AI21 Labs, the Israeli artificial intelligence company founded by Amnon Shashua and Ori Goshen, announced Monday it is cutting more than 60% of its workforce — reducing headcount from approximately 180 to around 70 employees — in a dramatic strategic overhaul. The company will discontinue sales of standalone large language models (LLMs) and concentrate all resources on Maestro, its platform for optimizing and managing enterprise AI agents.
Why it matters
AI21 Labs has been one of Israel's most prominent AI startups, having raised hundreds of millions of dollars from leading investors, developed the Jamba model family, and operated as one of the few significant LLM players outside the U.S. The restructuring signals that the company is effectively exiting the foundation model race against OpenAI, Anthropic, and Google — in favor of a niche it sees as the next growth engine: AI agent orchestration and optimization.
According to the company, selling LLMs as standalone products has not generated sufficient revenue to justify continued investment in that direction.
What they're saying
In an official statement, AI21 said: "The rapid developments in AI required us to re-examine the company's operations from end to end.
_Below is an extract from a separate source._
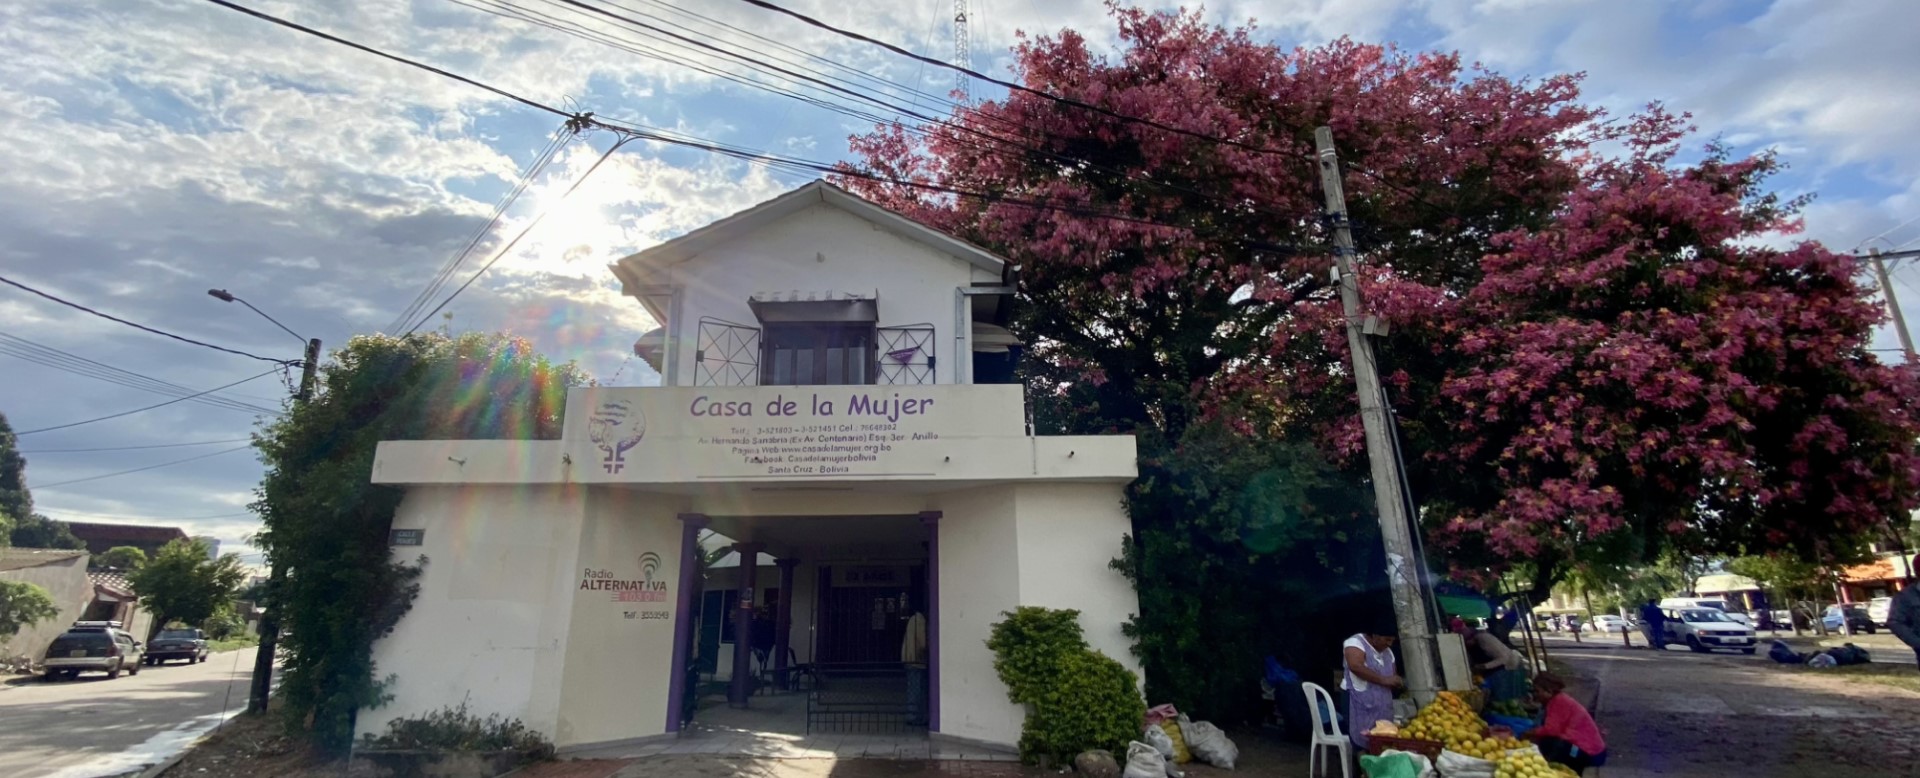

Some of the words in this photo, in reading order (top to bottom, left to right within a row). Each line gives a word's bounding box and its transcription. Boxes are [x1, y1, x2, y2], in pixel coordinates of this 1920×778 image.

With great sadness we part with a group of excellent employees who made significant contributions to the company's key milestones. We are committed to supporting them through this period with sensitivity and responsibility. This move and our focus on AI agent optimization — a central challenge for organizations worldwide — will allow the company to accelerate its growth path."
Alongside the layoff announcement, AI21 confirmed it has signed multi-million dollar contracts with international customers to implement Maestro, including Nebius. The company also announced partnerships with several firms, notably Wix, to build on the Maestro platform.
Maestro is designed to solve a problem that has emerged over the past year as enterprises ramp up their AI agent deployments: how to manage and optimize growing fleets of AI agents — selecting between models, balancing cost against response speed, and improving reliability in production.
The restructuring follows the collapse of acquisition talks with Nebius, which had been in advanced negotiations to buy the startup. Instead of an acquisition, the two companies signed a commercial partnership.
The bottom line
AI21 is making a high-stakes bet: walking away from the core business that made it known — LLMs — and betting on a fast-growing niche in enterprise AI agent optimization. The success of this pivot will be determined by whether the company can convert its new international contracts and partnerships into sustainable growth. The deep workforce cuts, however painful, reflect an attempt to slim down quickly for the new trajectory.